_Problem to work on:_
Given the records underneath, please repeat exactly the lines from the line with "Some of the text" through the line with "this 1600×1067 image.", passing over any picture.

_Exercise material:_
--------------------
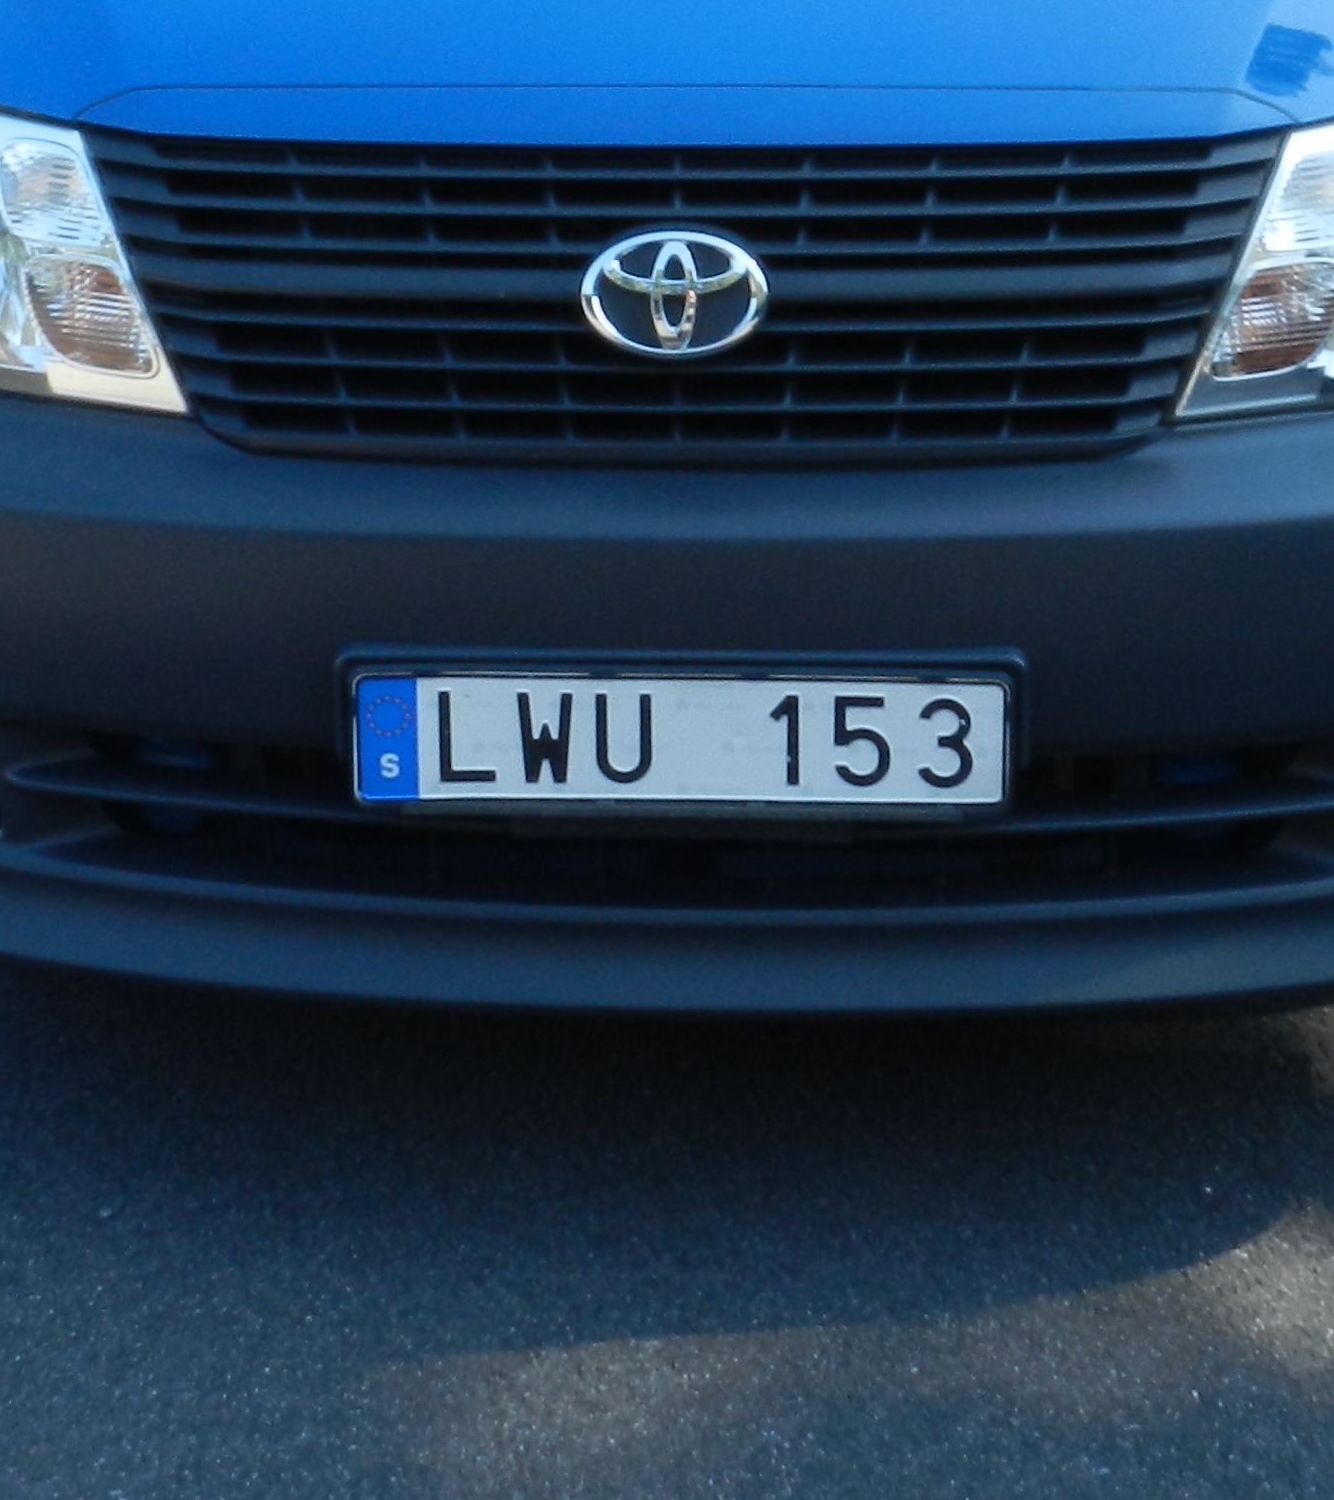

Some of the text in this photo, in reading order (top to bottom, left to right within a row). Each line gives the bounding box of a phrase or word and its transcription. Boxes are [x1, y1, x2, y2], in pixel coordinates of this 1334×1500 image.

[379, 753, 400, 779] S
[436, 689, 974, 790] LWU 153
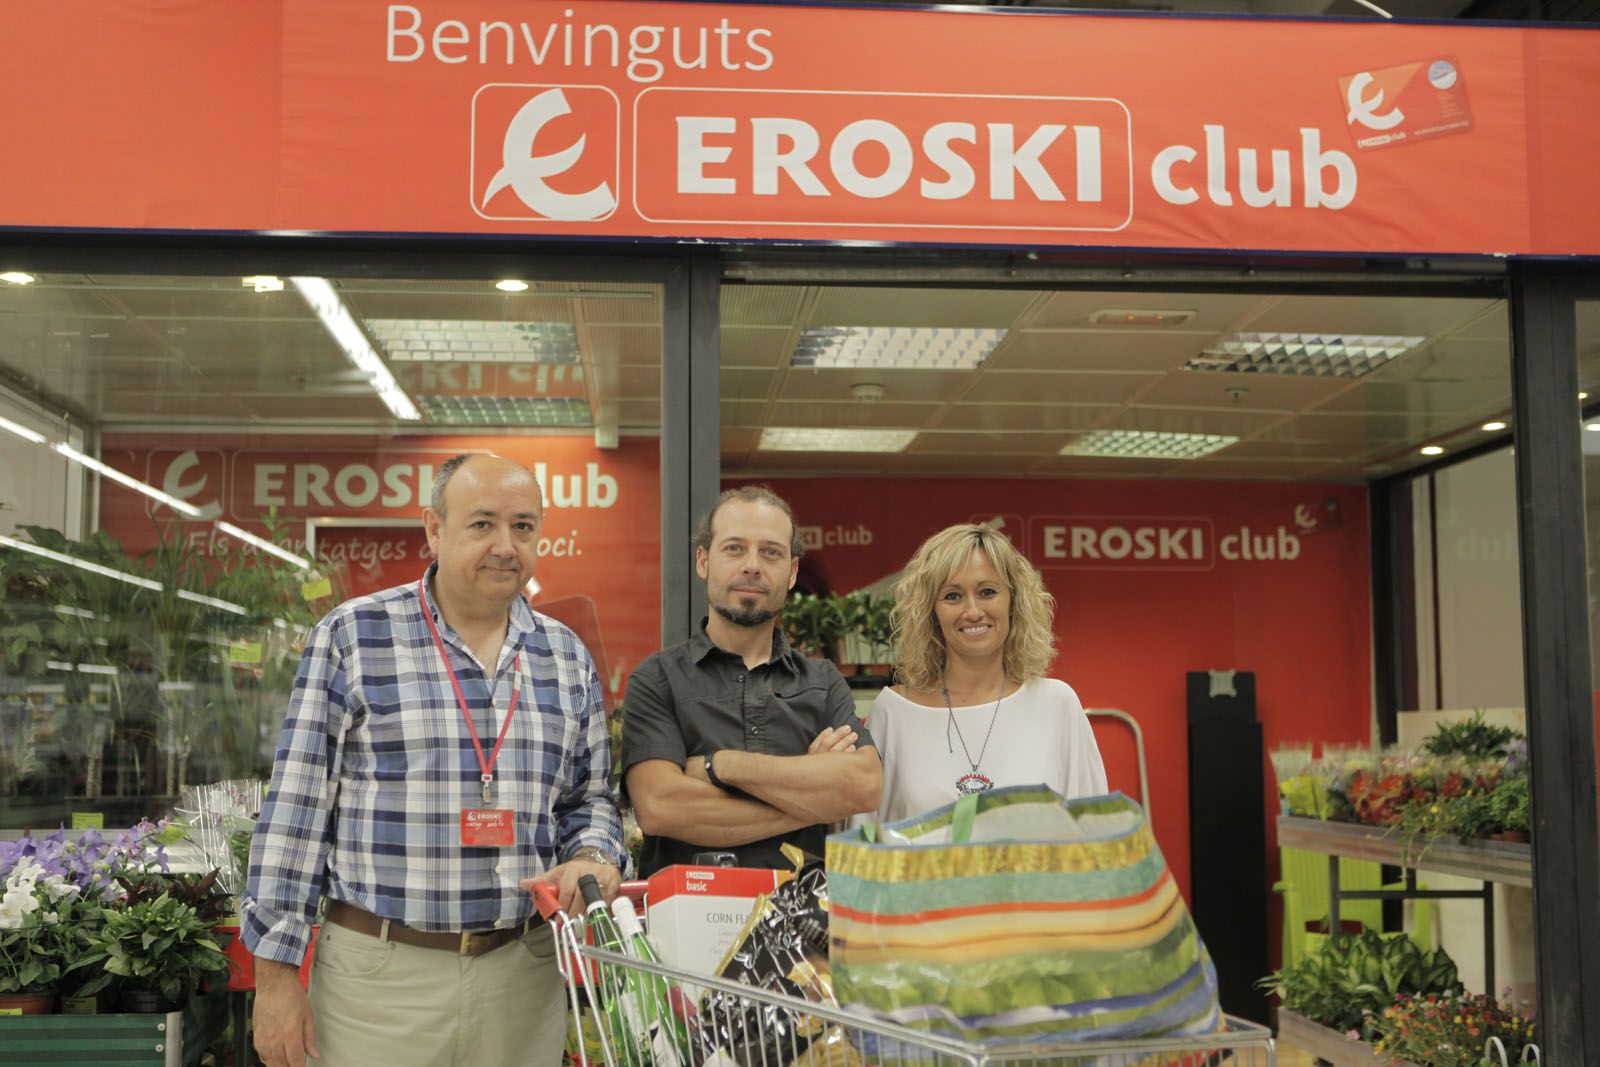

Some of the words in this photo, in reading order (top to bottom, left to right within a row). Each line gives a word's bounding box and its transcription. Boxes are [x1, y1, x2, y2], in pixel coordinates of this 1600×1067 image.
--------------------
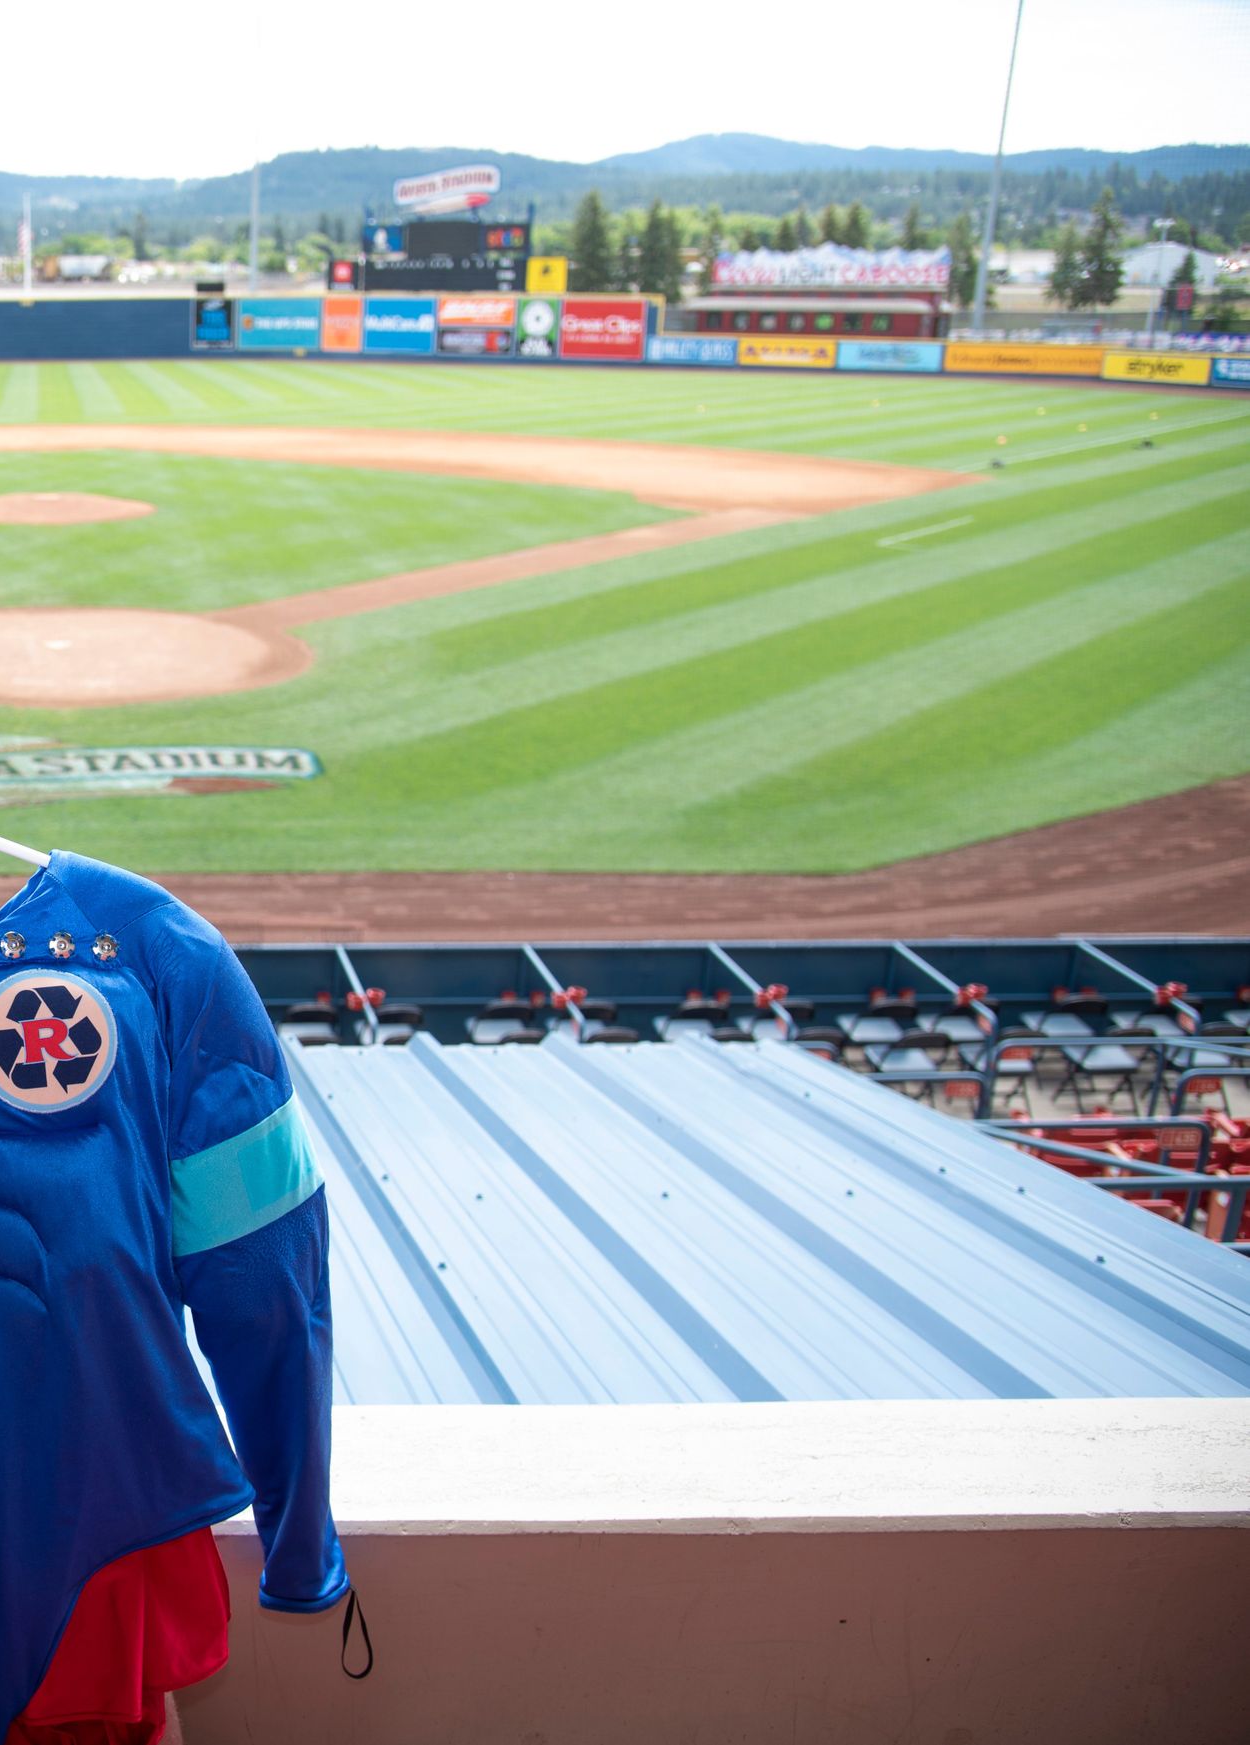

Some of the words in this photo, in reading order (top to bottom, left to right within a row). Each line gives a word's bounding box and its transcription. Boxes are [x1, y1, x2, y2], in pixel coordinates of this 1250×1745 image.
--------------------
_Result below:_
Some of the text in this photo, in reading order (top to bottom, left to right within a row). Each line gives the bounding box of a phrase or word and its transcription. Boxes are [x1, y1, x2, y2], in pixel coordinates of this 1334×1500 image.

[379, 753, 400, 779] S
[436, 689, 974, 790] LWU 153

Some of the words in this photo, in reading order (top to bottom, left to right within a row). Each line gives a word's bounding box and its transcription. Boxes are [x1, y1, x2, y2], in pixel coordinates of this 1600×1067 image.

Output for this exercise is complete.